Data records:
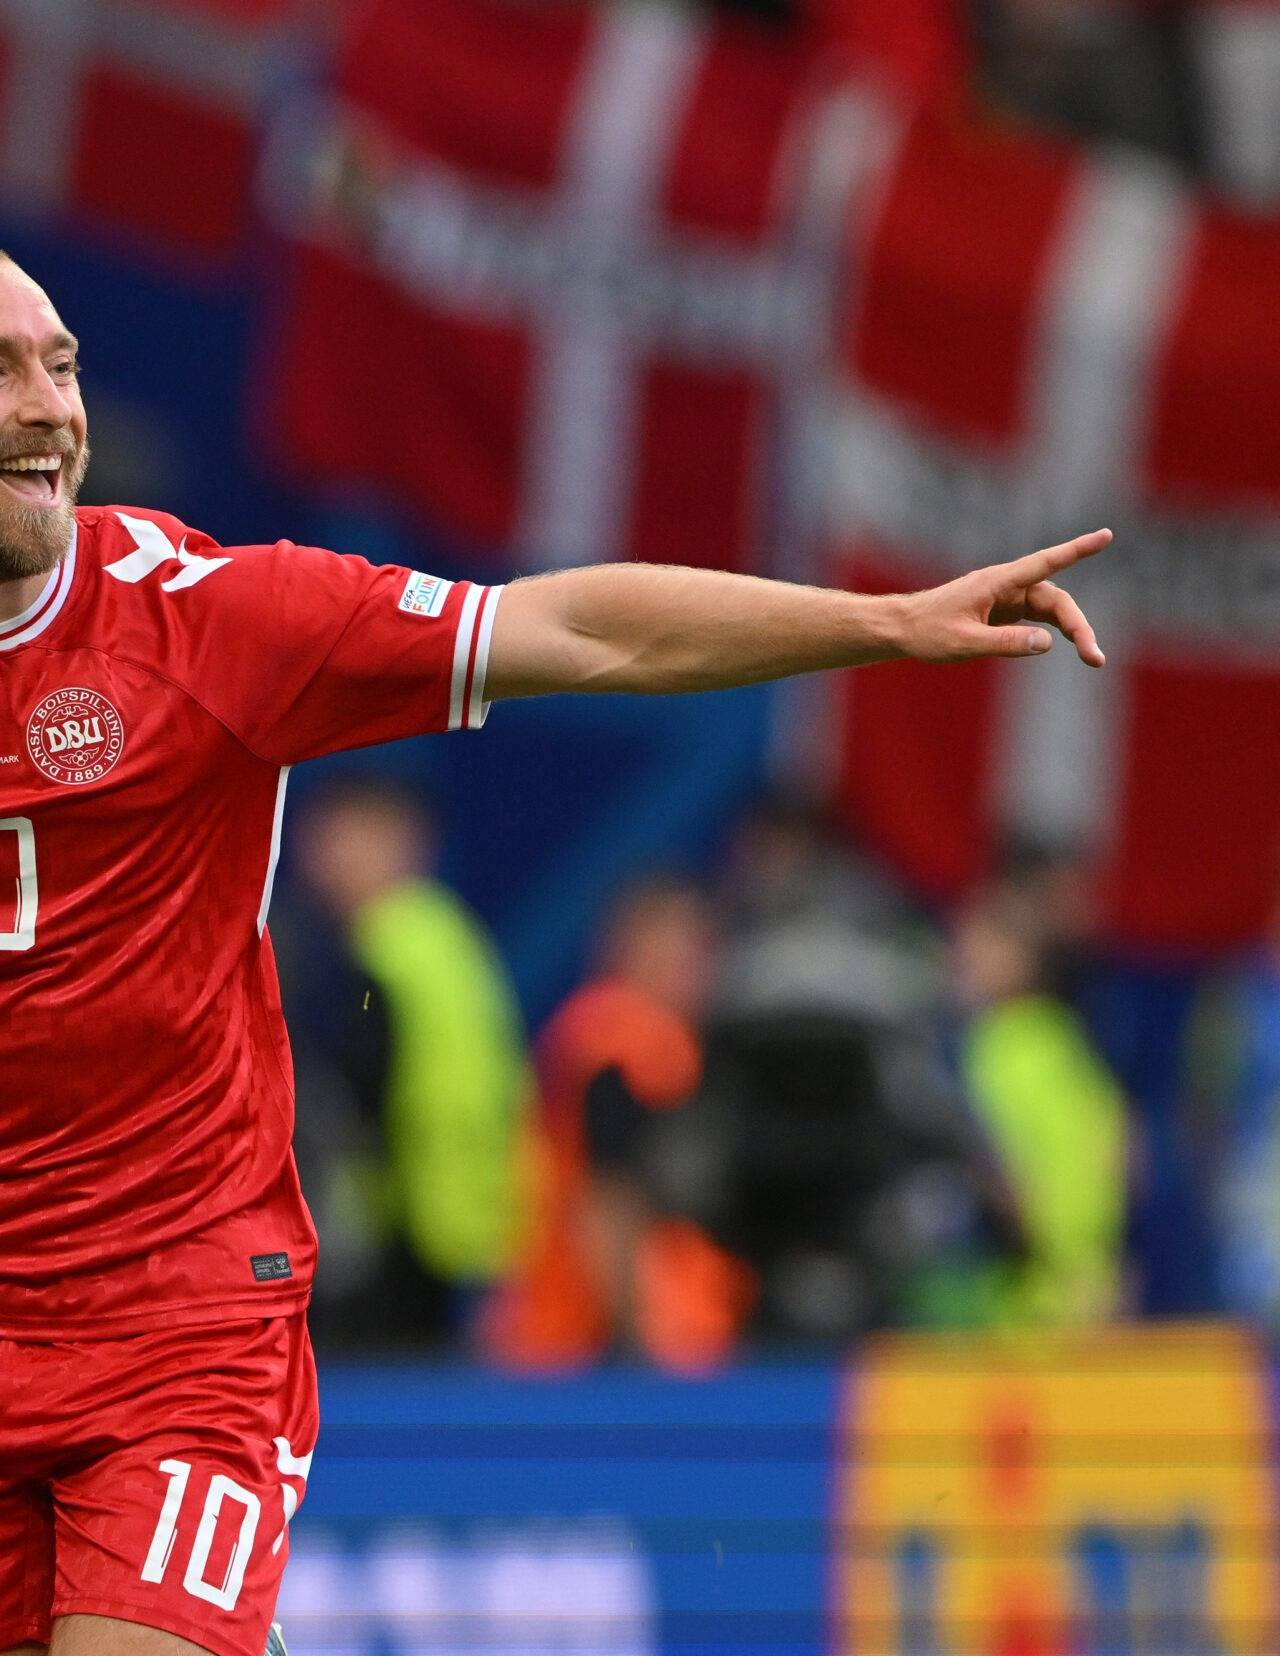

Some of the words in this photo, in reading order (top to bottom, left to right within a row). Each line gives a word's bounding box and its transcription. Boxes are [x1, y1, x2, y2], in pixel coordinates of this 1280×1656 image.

[402, 589, 416, 609] UEFA
[30, 724, 61, 776] DANSK
[45, 716, 105, 753] DBU
[66, 764, 103, 781] 1889
[140, 1458, 261, 1612] 10
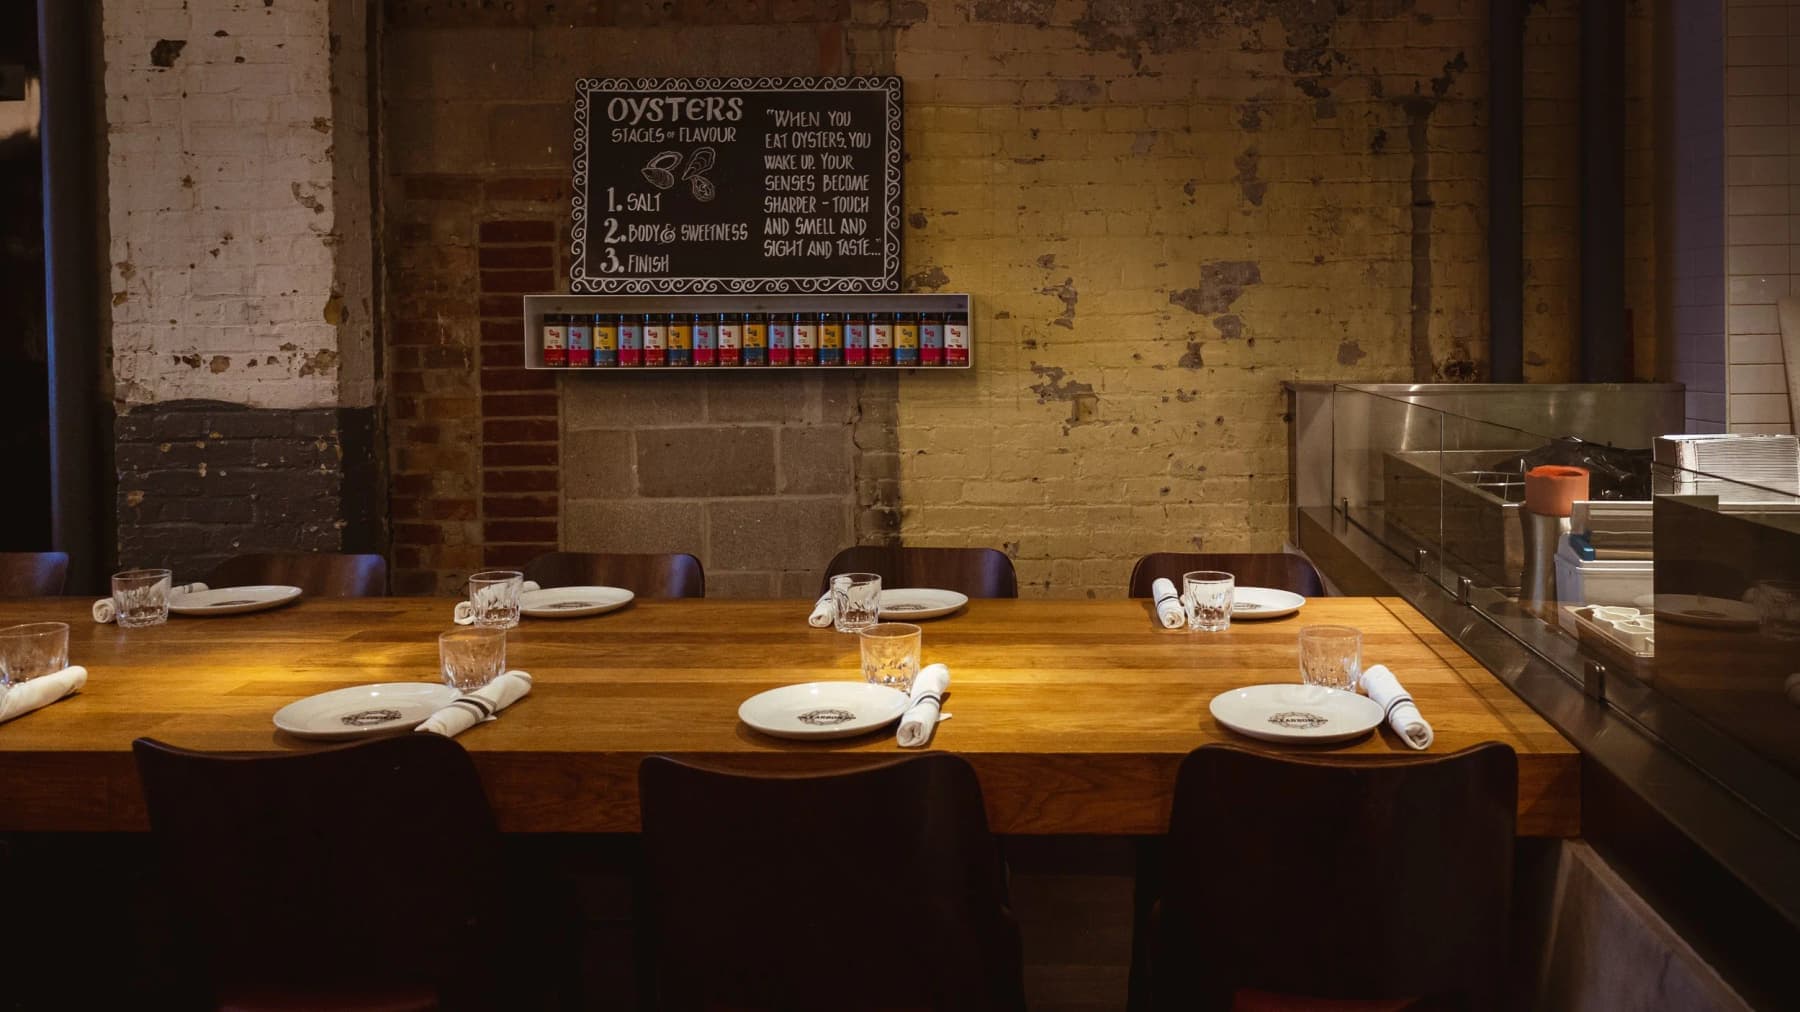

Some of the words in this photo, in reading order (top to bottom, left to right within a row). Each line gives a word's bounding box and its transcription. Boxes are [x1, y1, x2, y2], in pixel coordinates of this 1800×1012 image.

[608, 97, 743, 125] OYSTERS
[828, 111, 851, 127] YOU
[612, 127, 665, 143] STAGES
[680, 127, 736, 142] FLAVOUR
[765, 133, 788, 149] EAT
[849, 132, 871, 149] YOU
[764, 155, 797, 170] WAKE
[801, 155, 816, 170] UP.
[821, 152, 854, 170] YOUR
[765, 175, 815, 191] SENSES
[823, 175, 870, 192] BECOME
[607, 187, 623, 212] 1.
[627, 192, 661, 212] SALT
[764, 196, 816, 213] SHARPER
[832, 196, 869, 213] TOUCH
[604, 218, 627, 244] 2.
[682, 223, 748, 241] SWEETNESS
[764, 217, 789, 236] AND
[795, 217, 836, 234] SMELL
[840, 218, 867, 235] AND
[764, 240, 803, 257] SIGHT
[807, 241, 832, 259] AND
[600, 247, 624, 273] 3.
[628, 254, 669, 273] FINISH

## [Work to complete]
If pictures appear in the data, do not print them; repeat the rest exactly.

## [Solution below]
Some of the words in this photo, in reading order (top to bottom, left to right within a row). Each line gives a word's bounding box and its transcription. Boxes are [x1, y1, x2, y2], in pixel coordinates of this 1280×1656 image.

[402, 589, 416, 609] UEFA
[30, 724, 61, 776] DANSK
[45, 716, 105, 753] DBU
[66, 764, 103, 781] 1889
[140, 1458, 261, 1612] 10

Some of the words in this photo, in reading order (top to bottom, left to right within a row). Each line gives a word's bounding box and its transcription. Boxes are [x1, y1, x2, y2], in pixel coordinates of this 1800×1012 image.

[608, 97, 743, 125] OYSTERS
[828, 111, 851, 127] YOU
[612, 127, 665, 143] STAGES
[680, 127, 736, 142] FLAVOUR
[765, 133, 788, 149] EAT
[849, 132, 871, 149] YOU
[764, 155, 797, 170] WAKE
[801, 155, 816, 170] UP.
[821, 152, 854, 170] YOUR
[765, 175, 815, 191] SENSES
[823, 175, 870, 192] BECOME
[607, 187, 623, 212] 1.
[627, 192, 661, 212] SALT
[764, 196, 816, 213] SHARPER
[832, 196, 869, 213] TOUCH
[604, 218, 627, 244] 2.
[682, 223, 748, 241] SWEETNESS
[764, 217, 789, 236] AND
[795, 217, 836, 234] SMELL
[840, 218, 867, 235] AND
[764, 240, 803, 257] SIGHT
[807, 241, 832, 259] AND
[600, 247, 624, 273] 3.
[628, 254, 669, 273] FINISH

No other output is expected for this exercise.